"Design-build changes the way students think about detail in their design, and it changes the way they draw." Scott Lawrence, Assistant Professor of Architecture
From conception to construction, students in our design-build program work with real clients on real-world projects — like the Hat Ranch Winery in Caldwell and the Moose Creek Warming Hut just north of Sandpoint.
In this dynamic, hands-on program, students learn what it takes to bring their designs to life. They also gather portfolio pieces that showcase designs that were actually built — by them. We work with non-profits and local businesses to positively impact Idaho’s communities because it’s our land grant mission to serve the state.
Design-build opportunities are available through a six-credit upper-division and graduate-level studio course and through the Idaho Architecture Collaborative — an internal organization of the architecture program, open to all students, aimed at incubating projects that wouldn’t be possible without some form of design assistance.
Hat Ranch Winery
Students designed and built a stunning tasting room that features a wall of deconstructed wine barrels, a chandelier made from LED lights and wine barrel rings, and a re-purposed barn door, taken from the site, for displaying the winery’s awards. Students also built an alfresco pavilion that connects the winery to the outdoors, allowing visitors to take in the breathtaking scenery of the vineyards and the Snake River Valley mountains. This project resulted from a collaboration with the Idaho Wine Association.
Moose Creek Warming Hut
north of Sandpoint, Idaho
Just outside Sandpoint, on the Lightning Creek drainage off Moose Creek Road, students built a warming hut that features a wood-burning stove and covered area to park snowmobiles.

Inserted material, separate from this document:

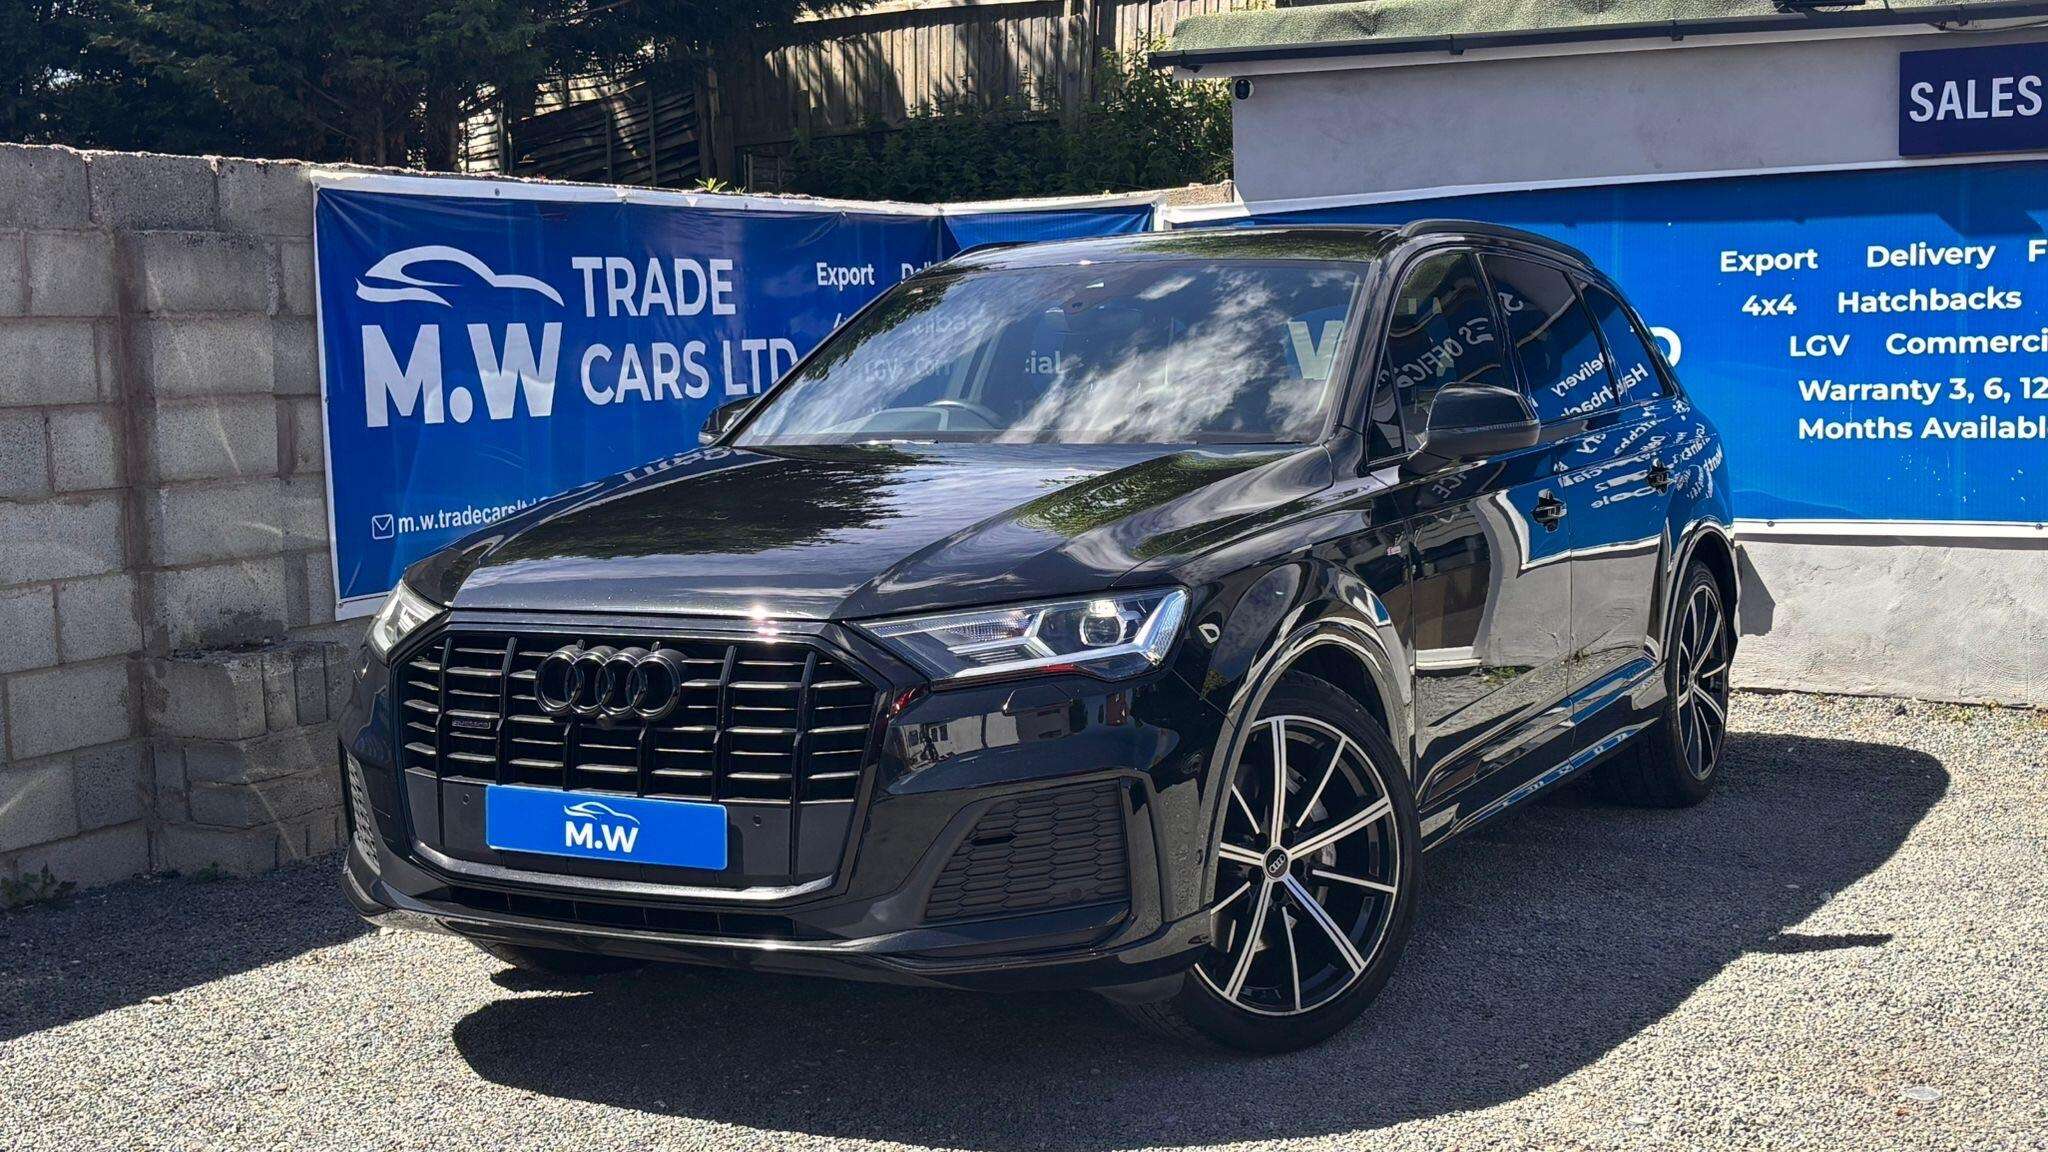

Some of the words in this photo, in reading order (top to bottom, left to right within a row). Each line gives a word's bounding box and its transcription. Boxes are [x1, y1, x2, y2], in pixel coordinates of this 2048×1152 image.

The hut provides a gathering place for nature lovers, a safe haven during snowstorms and a base camp for search and rescue parties entering the remote North Idaho wilderness. The project was a collaboration with the Sandpoint Ranger District, the National Forest Foundation, Idaho Forest Group, Idaho Department of Parks and Recreation, and the Winter Riders Snowmobile Club.

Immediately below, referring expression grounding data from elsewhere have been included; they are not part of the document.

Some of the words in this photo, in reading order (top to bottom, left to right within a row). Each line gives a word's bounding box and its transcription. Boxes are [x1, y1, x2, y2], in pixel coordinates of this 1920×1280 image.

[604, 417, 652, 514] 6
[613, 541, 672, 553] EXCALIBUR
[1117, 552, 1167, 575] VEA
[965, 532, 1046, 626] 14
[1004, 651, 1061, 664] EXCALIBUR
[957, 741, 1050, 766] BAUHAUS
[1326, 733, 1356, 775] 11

Art and Architecture Reception Area
"This class gave me deeper insight into what I want to do for my career and the chance to proudly say, 'I helped build that.'" Emily Nelson, former architecture student and intern at Erstad Architects in Boise
University of Idaho
Students and faculty transformed the entryway of the Art and Architecture South Building — originally an array of unrelated spaces that had few places to sit, inadequate options for display materials, limited daylight, no separation between restrooms and lobby and an adjacent office nested within another office — into a reception area that welcomes, informs and inspires visitors. Users of the space can view information about upcoming courses and browse through current design periodicals and selections from the library’s architectural book collection. All parts of this project, including custom furniture and display cases, were designed and built by students and faculty.